The Supreme Court on Friday granted the Trump administration’s emergency request to lift temporary legal protections for Venezuelans living in the US. This ruling affects about 300,000 Venezuelans.

The ruling handed the administration another win in its effort to rapidly remove non-citizens from the United States. In an order, a majority of the justices ruled that the administration could move forward with its plans to end a form of humanitarian relief known as Temporary Protected Status for the Venezuelans – a move that will make them more vulnerable to deportation.

The Trump administration asked the justices earlier this month to allow it to withdraw deportation protections that had been extended to some 300,000 Venezuelans living in the United States. The case stems from a decision earlier this year by Homeland Security Secretary Kristi Noem to end TPS for Venezuelan migrants.
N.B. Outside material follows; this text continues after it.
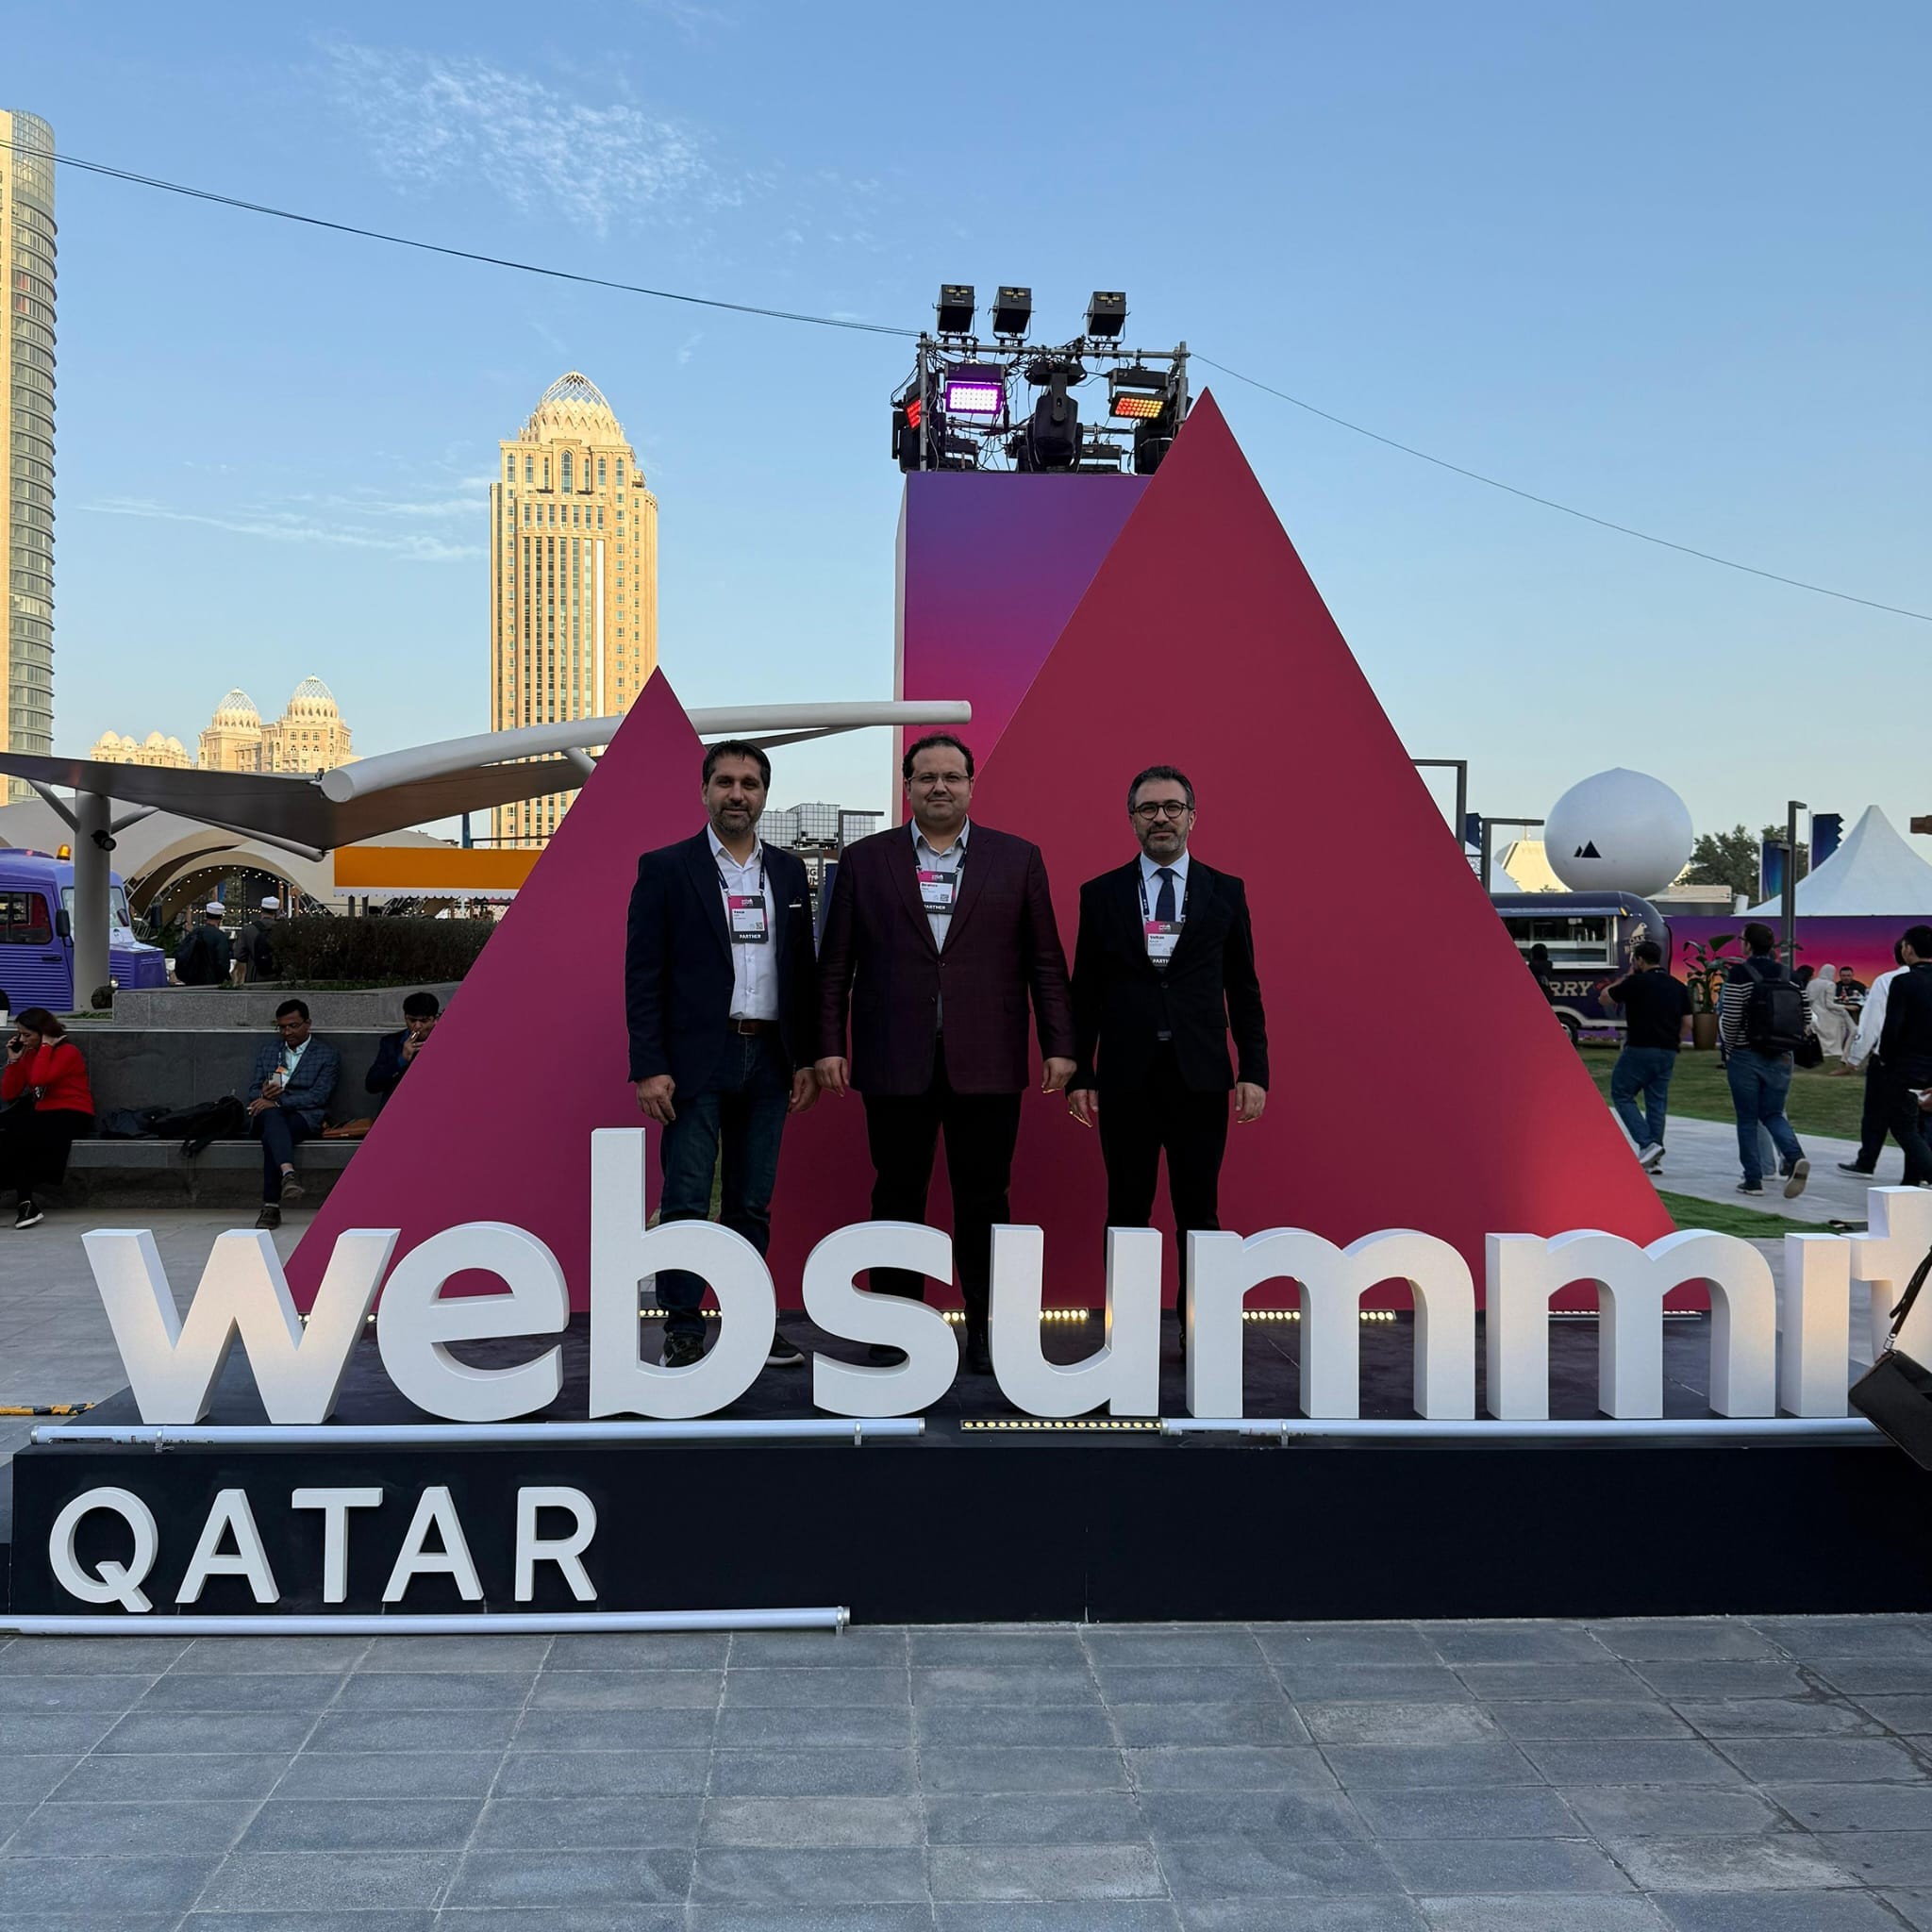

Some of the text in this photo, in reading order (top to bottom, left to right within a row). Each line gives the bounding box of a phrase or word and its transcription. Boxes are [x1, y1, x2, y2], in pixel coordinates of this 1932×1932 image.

[1629, 934, 1646, 944] OAK
[1548, 981, 1594, 997] RRY
[49, 1486, 598, 1613] QATAR
The court had reached a similar outcome in the same case in May. After that decision, a district court in California entered a more permanent ruling against the Trump administration – a decision that restarted the emergency appeal process that ultimately wound its way back to the Supreme Court.

“Although the posture of the case has changed, the parties’ legal arguments and relative harms generally have not,” the court wrote in its order. “The same result that we reached in May is appropriate here.”

The Justice Department said that the lower courts were disregarding the Supreme Court‘s earlier intervention, a move it called “indefensible.” “This Court’s orders are binding on litigants and lower courts,” Solicitor General John Sauer said when asking the court in September to pause the judge’s ruling. “Whether those orders span one sentence or many pages, disregarding them − as the lower courts did here − is unacceptable.”

The Biden administration first granted TPS for Venezuelans in March 2021, citing the increased instability in the country, and expanded it in 2023. Two weeks before Trump took office, the Biden administration renewed protections for an additional 18 months.